ACTION ITEM
Could you return each entry below exactly as written, minus any pictures?

*-*-*

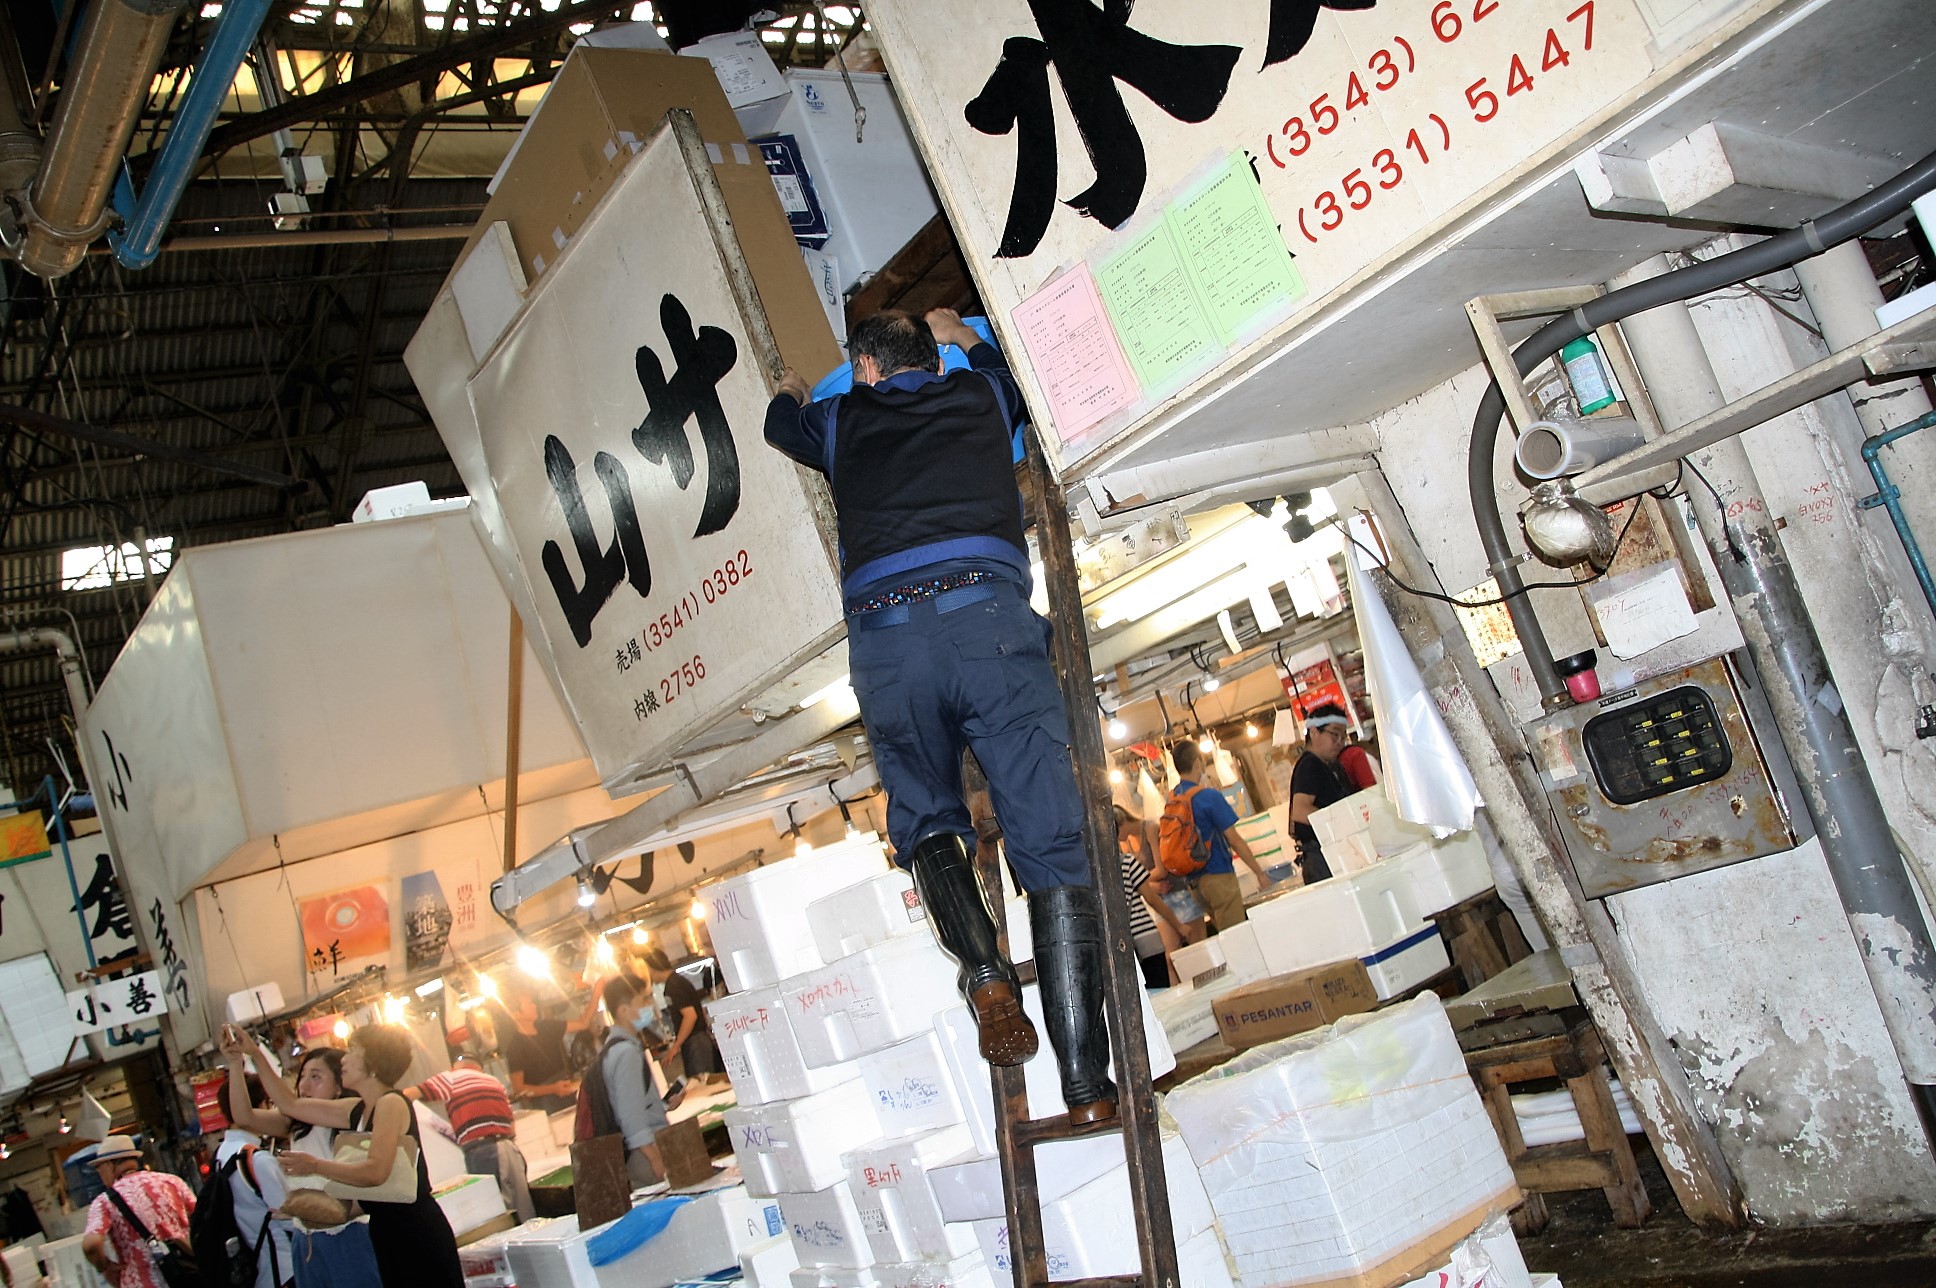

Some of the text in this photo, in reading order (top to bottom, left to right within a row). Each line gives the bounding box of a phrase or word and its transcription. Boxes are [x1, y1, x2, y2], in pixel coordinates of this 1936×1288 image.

[1266, 35, 1415, 169] (3543)
[1298, 0, 1594, 243] (3531) 5447
[615, 548, 753, 675] 売場 (3541) 0382
[634, 654, 707, 722] 内線 2756
[77, 977, 157, 1027] 小善
[1240, 1000, 1314, 1026] PESANTAR

*-*-*

TASK SOLUTION
Some of the text in this photo, in reading order (top to bottom, left to right within a row). Each line gives the bounding box of a phrase or word and its transcription. Boxes are [x1, y1, x2, y2], in pixel coordinates of this 1936×1288 image.

[1266, 35, 1415, 169] (3543)
[1298, 0, 1594, 243] (3531) 5447
[615, 548, 753, 675] 売場 (3541) 0382
[634, 654, 707, 722] 内線 2756
[77, 977, 157, 1027] 小善
[1240, 1000, 1314, 1026] PESANTAR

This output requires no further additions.